Manchu given names were used solely or with titles but not with clan names. For example, Fiyanggū, who was from the Donggo clan, belonged to the Manchu Plain White Banner and distinguished himself in the campaigns against the Dzungars, was usually called "Fiyanggū be" (Lord Fiyanggū) since Fiyanggū (youngest) was a relatively major given name. Unlike Chinese and Europeans, he was not to be called by combination of family name and given name, i.e. Donggo Fiyanggū or Fiyanggū Donggo. Although we can find Aisin-Gioro Ulhicun and other figures, but it is a very modern practice. To specify the clan name, Manchus would have said something like "Donggo hala-i Fiyanggū" (Fiyanggū of the Donggo clan).

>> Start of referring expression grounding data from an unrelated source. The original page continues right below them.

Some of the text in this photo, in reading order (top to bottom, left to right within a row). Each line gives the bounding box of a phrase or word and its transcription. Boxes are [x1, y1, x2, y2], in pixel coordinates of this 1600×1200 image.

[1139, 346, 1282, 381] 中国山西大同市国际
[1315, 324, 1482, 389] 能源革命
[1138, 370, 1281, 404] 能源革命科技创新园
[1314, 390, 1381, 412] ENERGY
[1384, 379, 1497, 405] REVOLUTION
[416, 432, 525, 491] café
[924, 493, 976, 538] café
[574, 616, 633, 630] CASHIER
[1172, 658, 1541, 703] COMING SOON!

The Manchus had an immense variety of given names. For most of them, it is difficult to find the meanings. Some scholars try to categorize them. Erich Haenisch classified them into sixteen categories including animals (Eje: bull, Yelu: boar), plants (Fodo: willow, Maca: garlic), qualities (Ayan: big, Bayan: rich, Niowanggiyan: green), etc. Ch'en Chieh-hsien classified Manchu personal names in seven main categories. But there are many names that are not included in either categorization.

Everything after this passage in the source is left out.